Let’s do a very rough estimate. Since the neutron star is very dense, let’s assume that it sweeps through a space (filled with dark matter) with its geometric area. Assuming that every time it encounters a dark matter particle, the latter gets confined inside the neutron star. Admittedly, these are some aggressive assumptions. For starters, the actual neutron-dark matter interaction could be much weaker, leading to an effective sweeping area (or cross-section, in technical terms) much smaller than its geometric area. In addition, after one collision between dark matter and the neutron star, the dark matter particle is not guaranteed to lose enough energy to be trapped inside the neutron star. However, let us take the aggressive assumptions for now.

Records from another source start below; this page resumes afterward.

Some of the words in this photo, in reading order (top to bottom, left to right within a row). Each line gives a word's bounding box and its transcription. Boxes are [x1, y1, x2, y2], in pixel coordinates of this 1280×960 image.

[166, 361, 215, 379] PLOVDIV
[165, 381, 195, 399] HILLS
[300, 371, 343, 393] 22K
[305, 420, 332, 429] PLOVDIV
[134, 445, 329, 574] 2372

Let us take the age of the neutron star as 10 billion years (the age of the Universe being 13 billion years.) The relative speed between a neutron star and dark matter is roughly \(10^{-3}\) times the speed of light (~\(3\times 10^{8} \mathrm{m/s}\).) During the lifetime of the neutron star, the total area swept by the star is about
\begin{align} (10\,\mathrm{km})^2 \times 10^{10} \,\mathrm{years} \times 10^{-3}\, \mathrm{c} = 10^{38 }\,\mathrm{cm^3}. \end{align}
Dark matter’s density in our neighborhood is about \(0.4\,\mathrm{GeV/cm^3}\). Therefore, the amount of dark matter trapped inside the neutron star is
\begin{align} 0.4\,\mathrm{GeV/cm^3} \times 10^{38}\,\mathrm{cm^3} \approx 3 \times 10^{-20}\, \mathrm{M_{\odot}}. \end{align}
You can see that even with this aggressive assumption, the amount of dark matter captured by a neutron star can only make up a tiny fraction (roughly one part in 1020) of the neutron star mass.

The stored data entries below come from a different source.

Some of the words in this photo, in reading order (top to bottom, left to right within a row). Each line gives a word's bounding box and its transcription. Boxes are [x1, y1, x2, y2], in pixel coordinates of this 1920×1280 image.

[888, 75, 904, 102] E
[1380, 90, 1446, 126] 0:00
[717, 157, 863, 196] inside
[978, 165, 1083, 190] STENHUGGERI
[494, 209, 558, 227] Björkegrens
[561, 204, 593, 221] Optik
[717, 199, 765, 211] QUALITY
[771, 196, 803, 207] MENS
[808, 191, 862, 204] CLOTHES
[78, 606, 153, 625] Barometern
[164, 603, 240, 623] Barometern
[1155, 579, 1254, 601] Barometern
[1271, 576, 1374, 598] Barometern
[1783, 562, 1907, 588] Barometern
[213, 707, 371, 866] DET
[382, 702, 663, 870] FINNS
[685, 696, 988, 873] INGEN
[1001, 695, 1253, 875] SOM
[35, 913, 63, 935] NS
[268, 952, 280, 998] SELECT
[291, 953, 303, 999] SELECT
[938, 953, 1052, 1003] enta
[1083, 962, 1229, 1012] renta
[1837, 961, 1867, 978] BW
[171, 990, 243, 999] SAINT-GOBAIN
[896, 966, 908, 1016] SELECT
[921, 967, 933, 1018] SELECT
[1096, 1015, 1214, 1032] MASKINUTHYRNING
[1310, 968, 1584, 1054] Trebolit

Many people like the order-of-magnitude estimate for different reasons. For me, this converts the slow thinking process to the fast thinking process, if you are also a big fan of Daniel Kahneman.

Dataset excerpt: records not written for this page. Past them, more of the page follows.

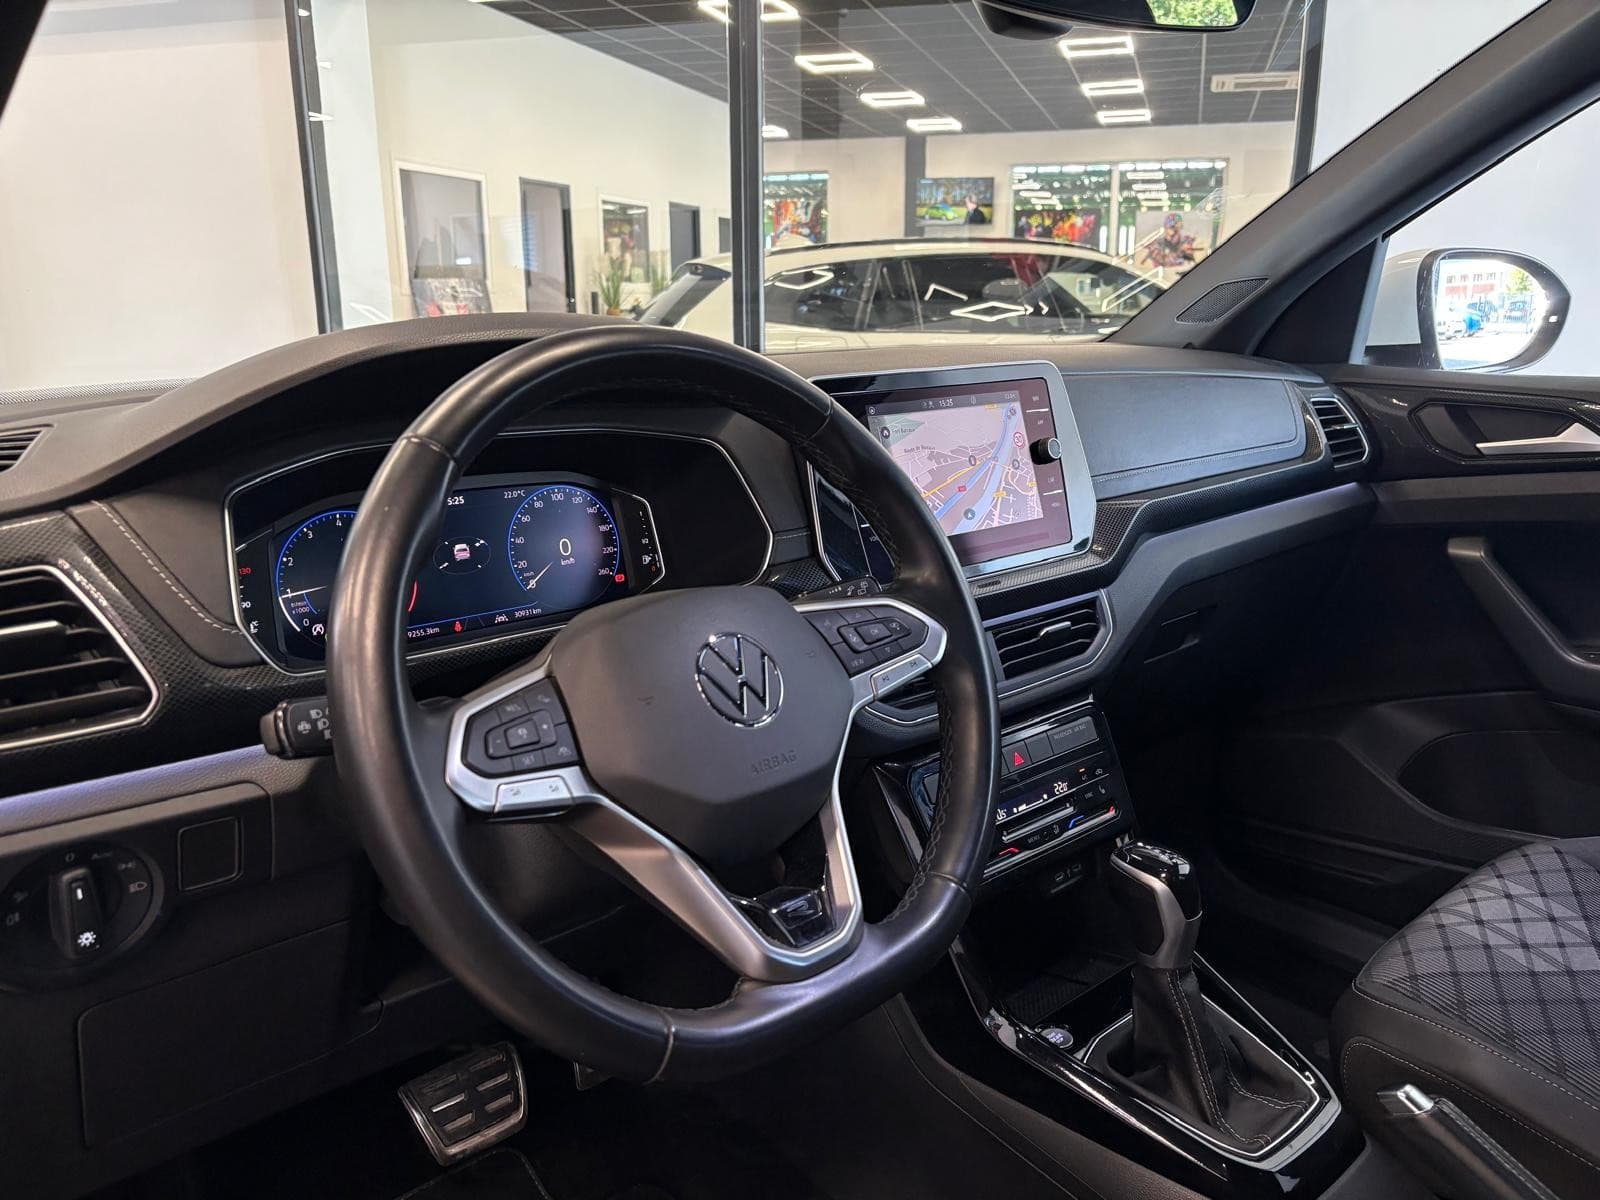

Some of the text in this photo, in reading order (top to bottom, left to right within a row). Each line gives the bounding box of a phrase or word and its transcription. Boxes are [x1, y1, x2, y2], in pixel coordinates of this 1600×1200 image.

[551, 492, 564, 501] 100
[572, 496, 583, 504] 120
[534, 501, 544, 509] 80
[586, 506, 598, 514] 140
[521, 515, 531, 523] 60
[599, 524, 610, 532] 180
[307, 530, 313, 539] 3
[559, 538, 572, 556] 0
[288, 558, 294, 567] 2
[517, 560, 528, 569] 20
[561, 557, 576, 566] km/h
[598, 567, 610, 576] 260
[303, 618, 309, 626] 0
[751, 749, 798, 776] AIRBAG

In the end, here’s a word of warning: during an order-of-magnitude estimate, your intuition gets amplified, you get some quick answer, and it’s more fun, but that also means you could easily miss some important details. After all, this is just the first step of a serious estimate.
Edit as of 2022-12-29,Thu: Thanks to my colleague Dr. Nirmal Raj, it should be noted that the gravitational lensing effect can enhance the dark matter capturing by a few orders of magnitude. This is an example where order-of-magnitude estimate can make you jump too quick to conclusions neglecting certain details. However, even with five orders of magnitude enhancement, the captured mass fraction is still pretty tiny.